# Компьютерные технологии > Железо (hardware) > Выбор комплектующих >  Нужна система охлаждения

## Bidob

Привет всем. Прошу совета - нужна система охлаждения для ПК, засматриваюсь на водянку. Хочется, чтобы была RGB-подсветка. Можно два вентилятора как вариант. Бюджет в 120-150$

----------


## Tos

Почему водянка, можно же воздух приличный за такие деньги взять? Особенно если с СЖО до этого дела не имели. Для водянки нужно уметь правильно ставить ее, иначе будет невесело. И да, нужна конкретно водянка или СЖО, дело в том, что это большая разница ))) , если кратко, то в СЖО залит диэлектрик и соединения часто необслуживаемые полностью герметичные.

----------


## Этанол

Естественно человеку нужна СЖО. На воде уже наверное и не выпускает никто систем охлада.
СЖО действительно необслуживаемые, но за счет отличной герметичности утечки хладагента нет, следовательно и обслуживать ее не нужно. 
Автор, какой процессор будете охлаждать?

----------


## kripovi4

> Привет всем. Прошу совета - нужна система охлаждения для ПК, засматриваюсь на водянку. Хочется, чтобы была RGB-подсветка. Можно два вентилятора как вариант. Бюджет в 120-150$


Чтобы подбирать водянку, надо хотя бы знать для чего ее брать. А то подберу сейчас тебе по максимальному бюджету и дальше что ты с ней делать будешь если она на сокет твой не станет? Конфиг у тебя какой?

----------


## Tos

> Чтобы подбирать водянку, надо хотя бы знать для чего ее брать. А то подберу сейчас тебе по максимальному бюджету и дальше что ты с ней делать будешь если она на сокет твой не станет? Конфиг у тебя какой?

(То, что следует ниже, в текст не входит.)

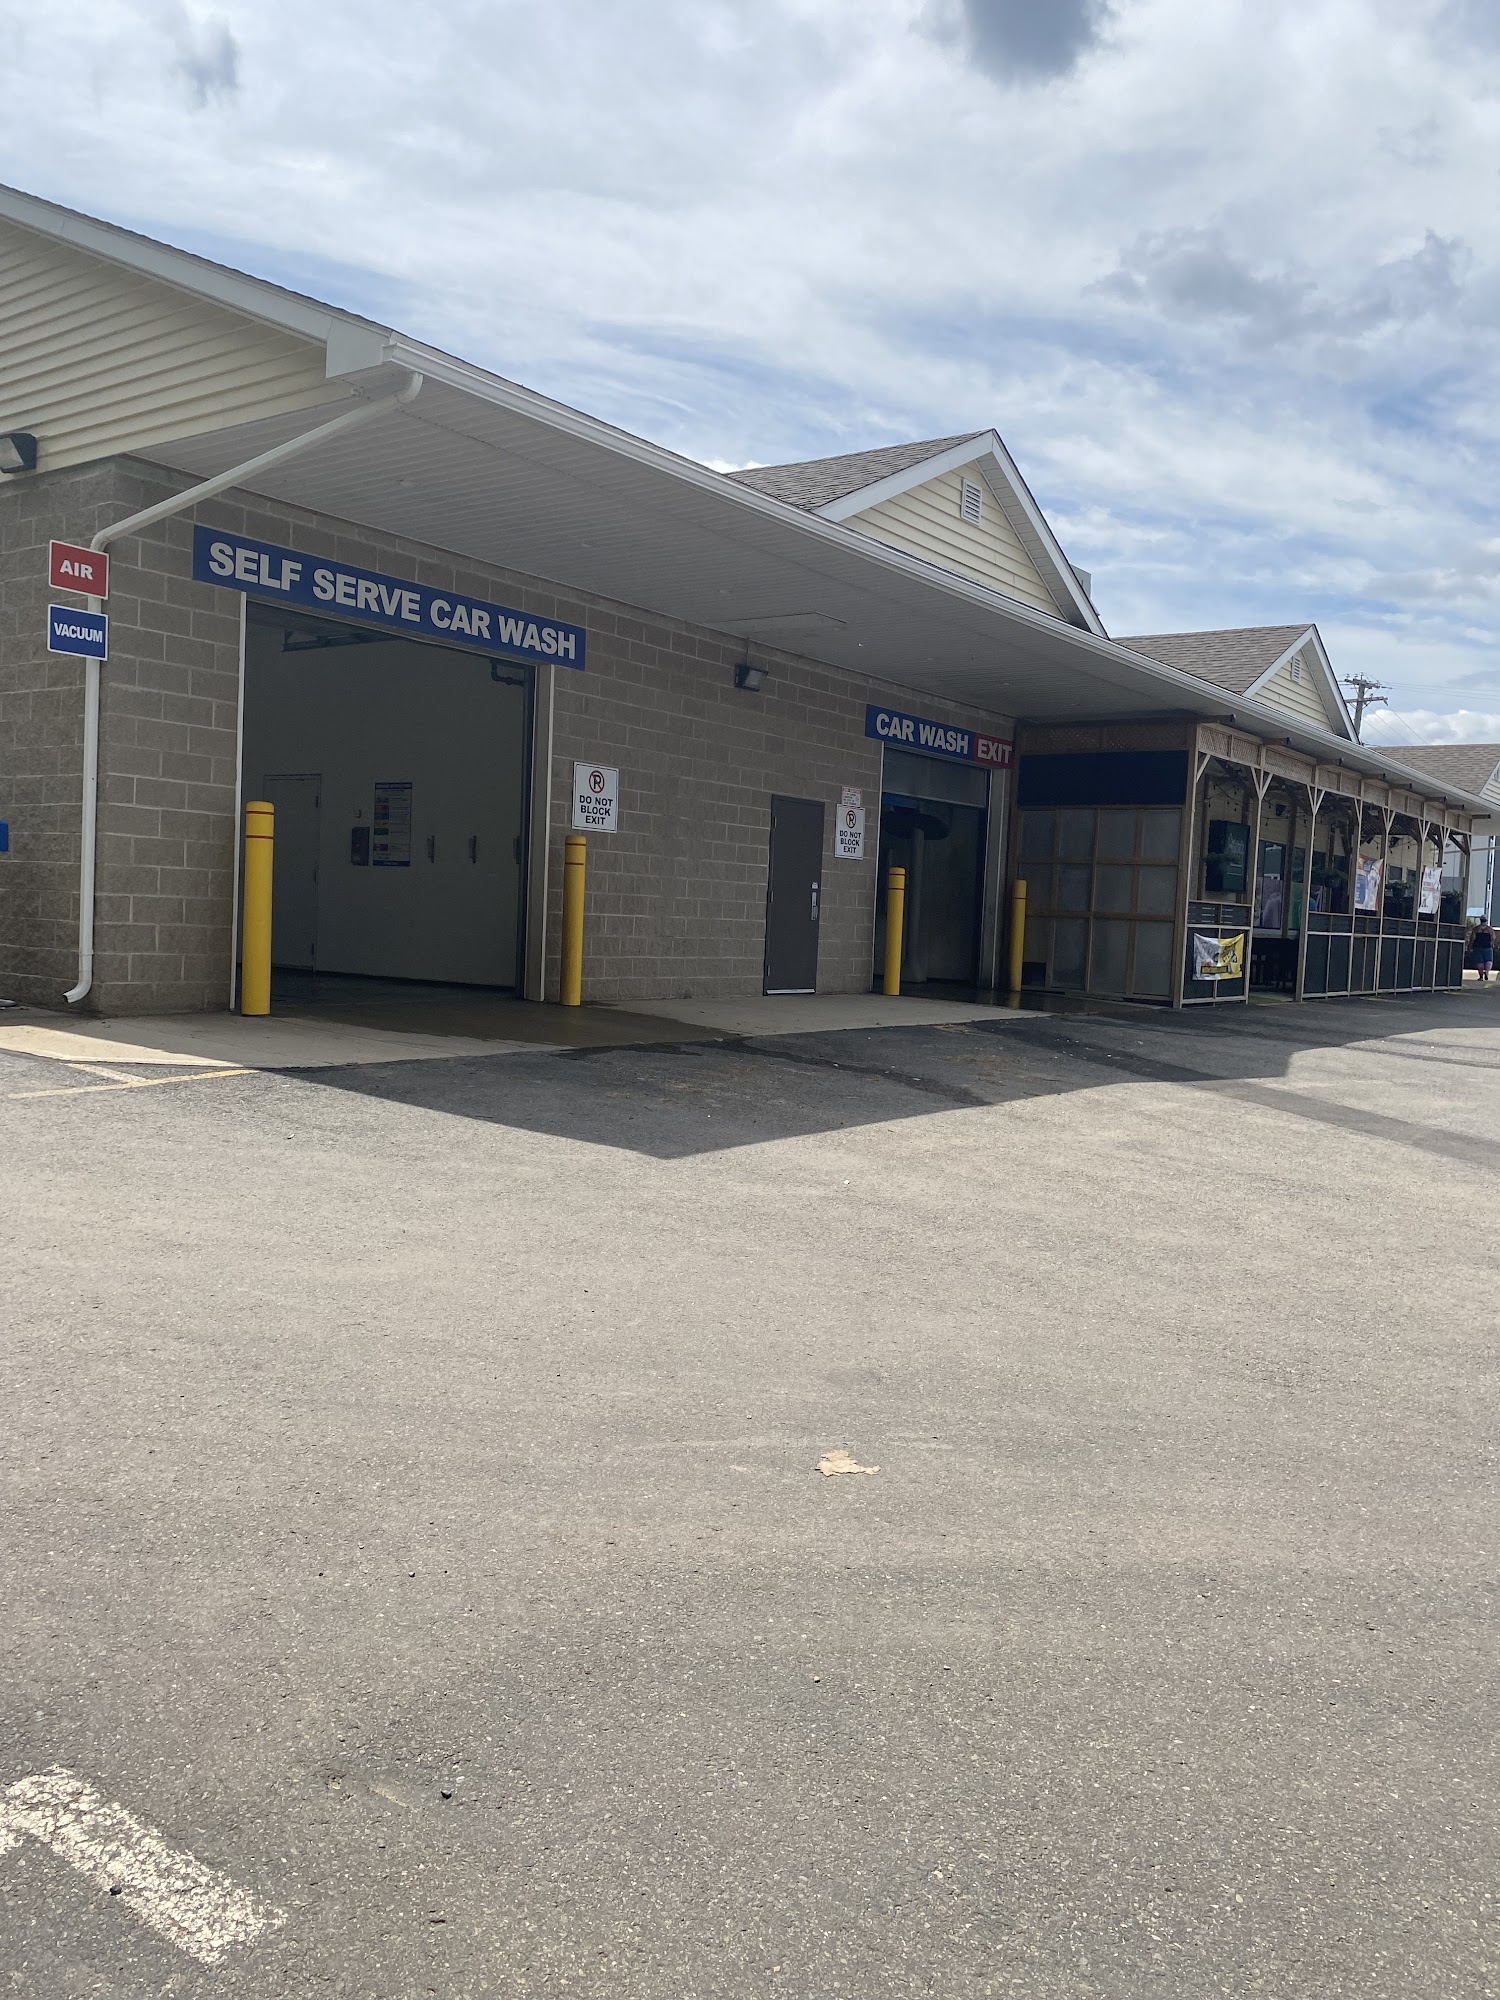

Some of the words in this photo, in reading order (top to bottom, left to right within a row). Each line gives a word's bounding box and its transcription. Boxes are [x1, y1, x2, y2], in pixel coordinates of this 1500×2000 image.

не, современные модели СЖО универсальные, становятся без проблем на современные мамки и совместимы со всеми ходовыми интеловскими и амдешными процами, и даже на старые можно поставить при должном умении.

----------


## Этанол

Чем собираетесь управление подсветкой осуществлять? С пульта или матухи? Есть у вас шумоизоляция на корпусе (можно советовать шумную СЖО)? Нужны какие-то особенные примочки, использование особых технологий?

----------


## kripovi4

> не, современные модели СЖО универсальные, становятся без проблем на современные мамки и совместимы со всеми ходовыми интеловскими и амдешными процами, и даже на старые можно поставить при должном умении.


Да что ты говоришь? А если человек пень или атлон собирается охлаждать воднянкой за 150 баксов, то ты ее дальше ему советовать будешь? И что же ты ему посоветуешь мне интересно? А вдруг у него места в корпусе нету куда можно прикрутить двухсекционный радиатор например?

----------


## Emodzy

> Чем собираетесь управление подсветкой осуществлять?

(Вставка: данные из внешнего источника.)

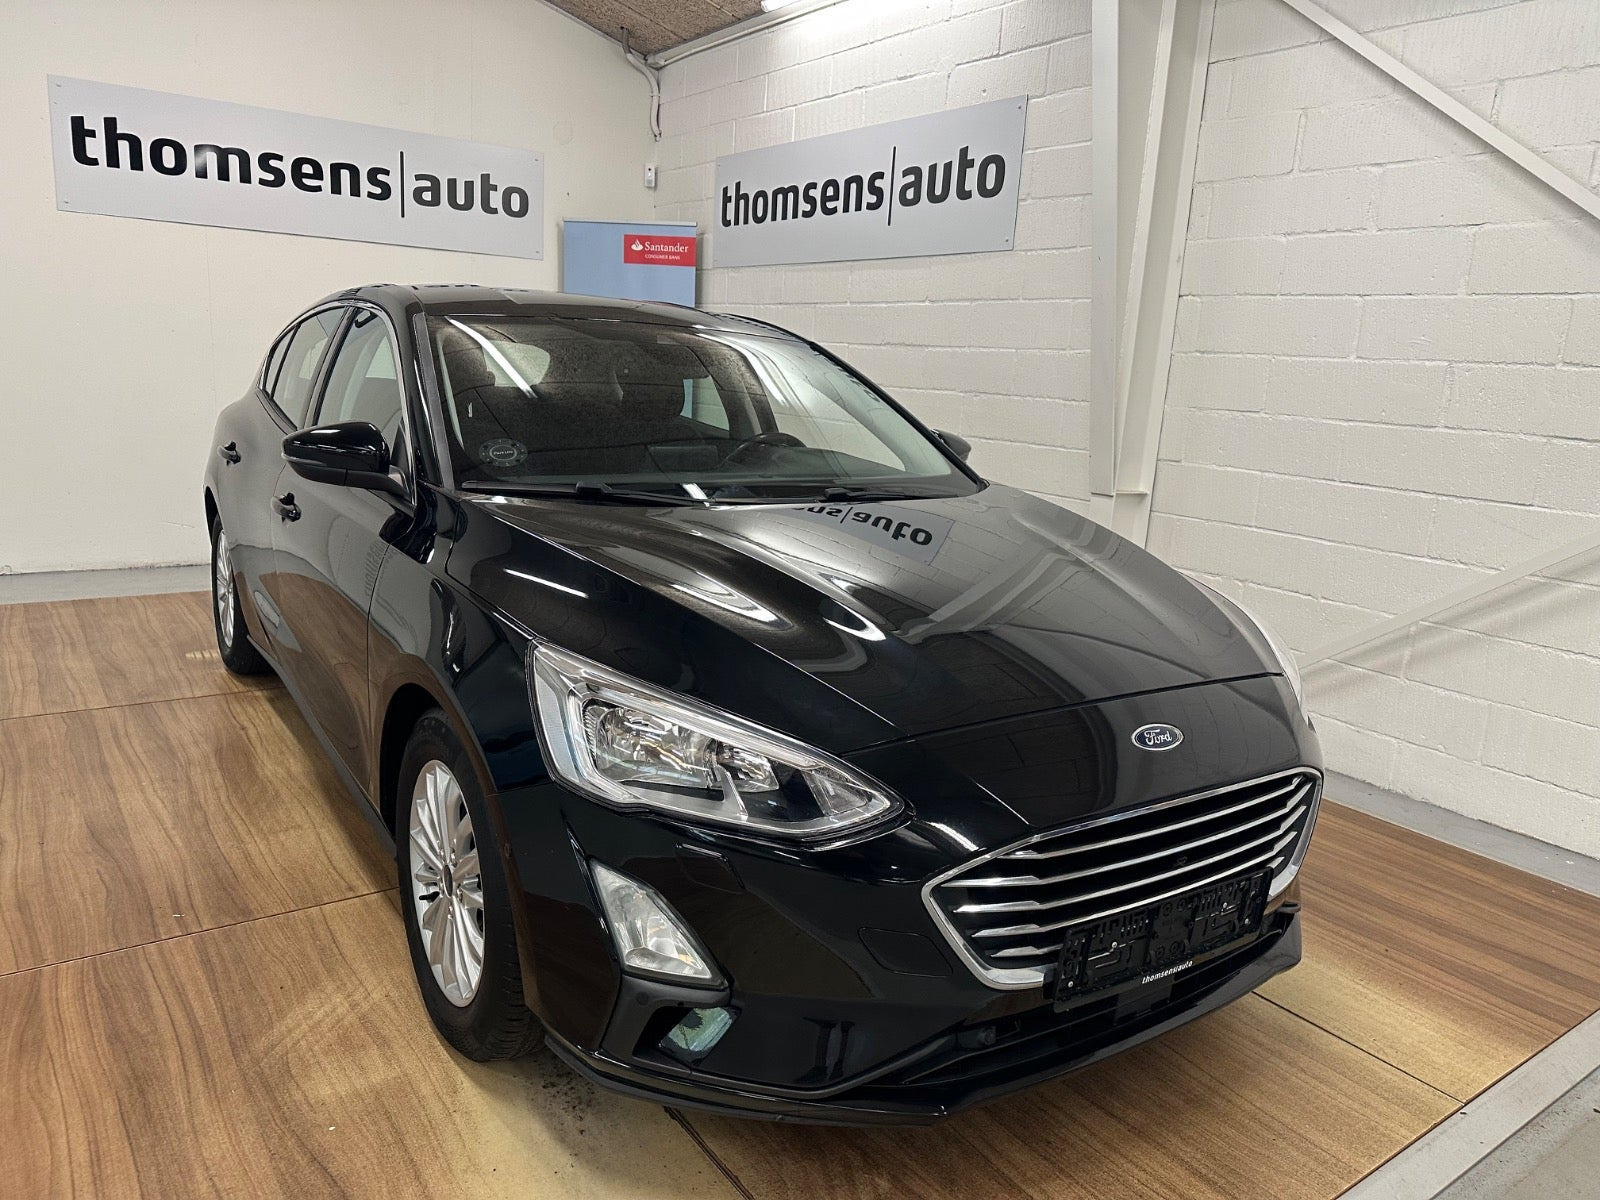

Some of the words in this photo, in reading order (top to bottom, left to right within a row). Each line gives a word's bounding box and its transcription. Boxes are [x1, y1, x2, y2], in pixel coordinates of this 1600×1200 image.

[70, 115, 392, 201] thomsens
[412, 173, 529, 219] auto
[721, 171, 885, 228] thomsens
[898, 145, 1006, 208] auto
[644, 241, 689, 252] Santander
[1144, 729, 1173, 746] Ford
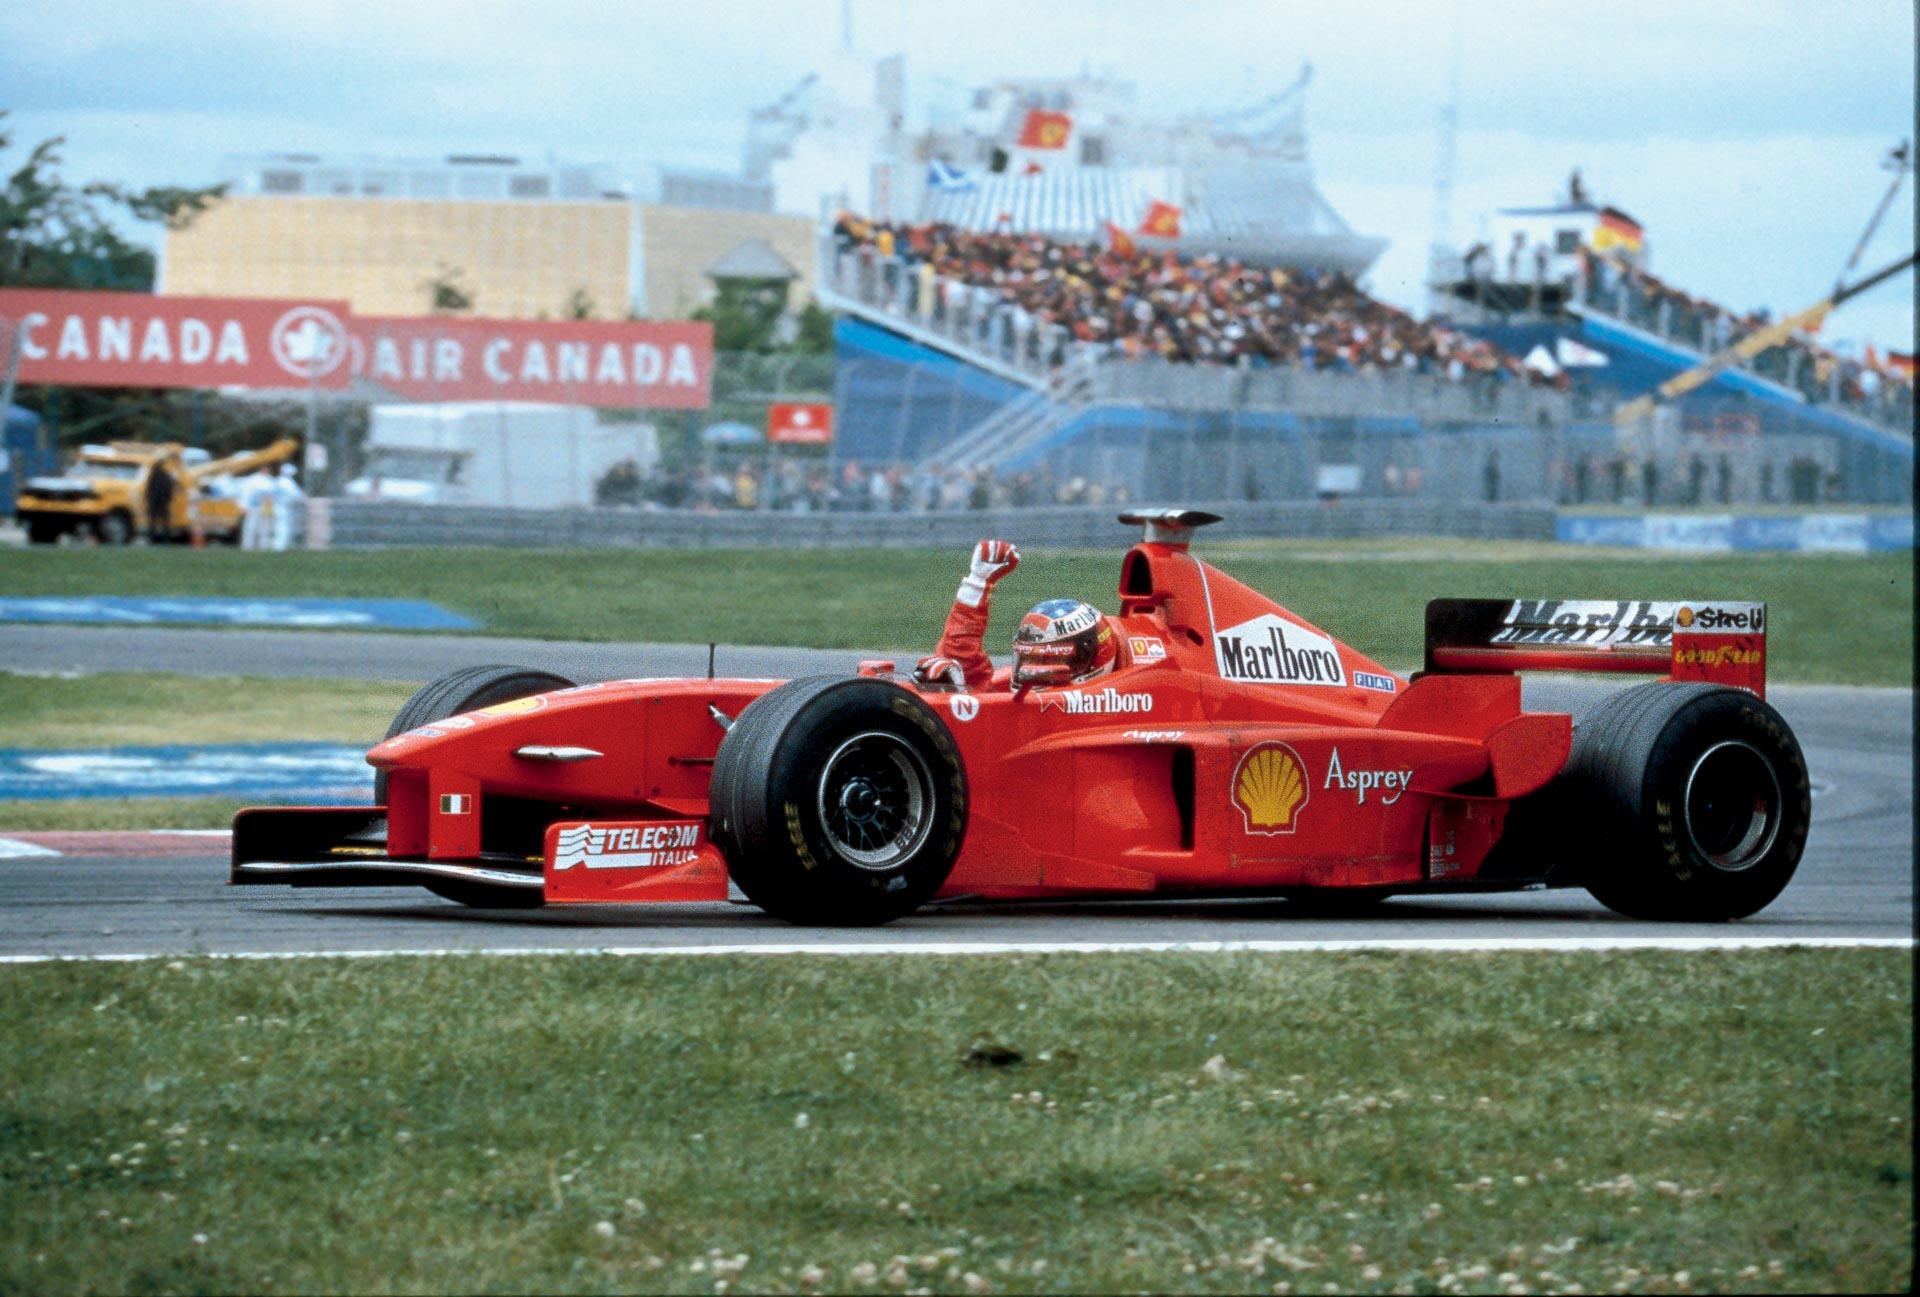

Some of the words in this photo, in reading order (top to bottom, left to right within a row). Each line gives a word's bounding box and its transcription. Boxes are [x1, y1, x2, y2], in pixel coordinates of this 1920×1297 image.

[21, 312, 249, 366] CANADA
[371, 337, 462, 382] AIR
[481, 337, 699, 386] CANADA
[1696, 606, 1762, 629] Shell
[1218, 626, 1341, 683] Marlboro
[1356, 674, 1392, 689] FIAT
[1063, 688, 1153, 713] Marlboro
[1324, 746, 1413, 804] Asprey
[607, 825, 699, 850] TELECOM

 имхо если мать такая что ей невозможно играть с подсветкой, то и СЖО не особо надо, не обслужка имею ввиду



> Есть у вас шумоизоляция на корпусе (можно советовать шумную СЖО)


 посоветуй мне шумную, интересно вообще про что речь идет 



> Нужны какие-то особенные примочки, использование особых технологий?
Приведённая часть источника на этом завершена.